Resolving conformational changes in FG nucleoporins due to multivalent Karyopherin binding

The nuclear pore complex (NPC) is a huge macromolecular assembly that selectively regulates the exchange of cargo between the nuclear and the cytoplasmic compartment in a cell. The transport of cargo is mediated by nuclear transport receptors (NTR’s), such as Karyopherin, via interacting with NPC proteins (Nucleoporins or Nups) containing highly disordered phenylalanine-glycine (FG) domains. This thesis is an investigation into the structure – function relationship of FG domains, which are located within the nuclear pore complex (NPC) and thus are fundamental to the NPC gating mechanism. Surface plasmon resonance (SPR) is used to measure Karyopherin – FG domain binding affinity and kinetics in vitro near physiological NTR concentrations. To contribute structural information in situ a novel SPR based method is applied that uses non-interacting molecules as innate structural probes.
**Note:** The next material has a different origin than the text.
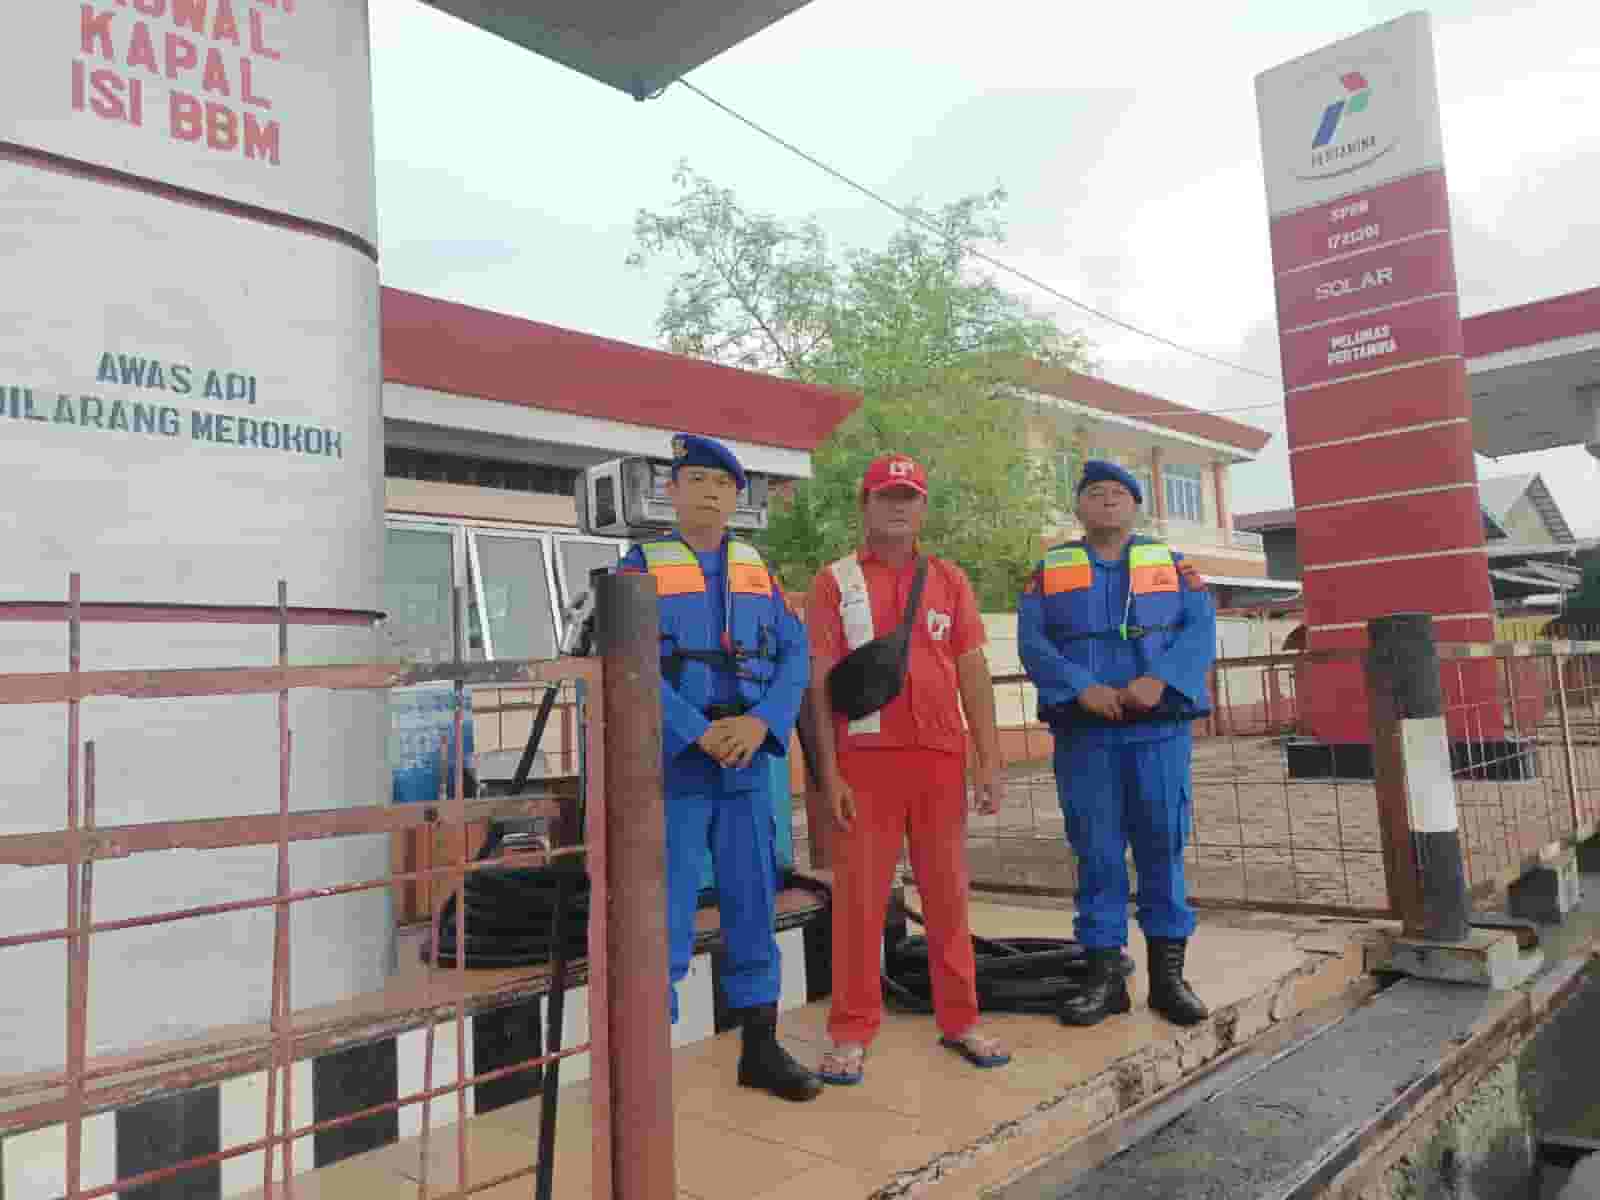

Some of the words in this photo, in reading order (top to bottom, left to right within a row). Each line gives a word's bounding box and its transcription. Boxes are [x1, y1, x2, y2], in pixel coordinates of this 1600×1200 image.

A major part of the thesis is thus dedicated to the proof of concept of using non-interacting molecules to determine the height of surface tethered molecular brushes. The conformation of close-packed surface tethered FG domains reveals molecular brush like extension and is directly impacted by Karyopherin binding. The findings predict that unlike FG centric models NTR’s form a key component of the NPC and NTR-occupancy controls selectivity and speed of nucleo-cytoplasmic transport. This has the important implication that NTR – FG domain binding avidity due to multivalent interactions does not hinder fast transport per se.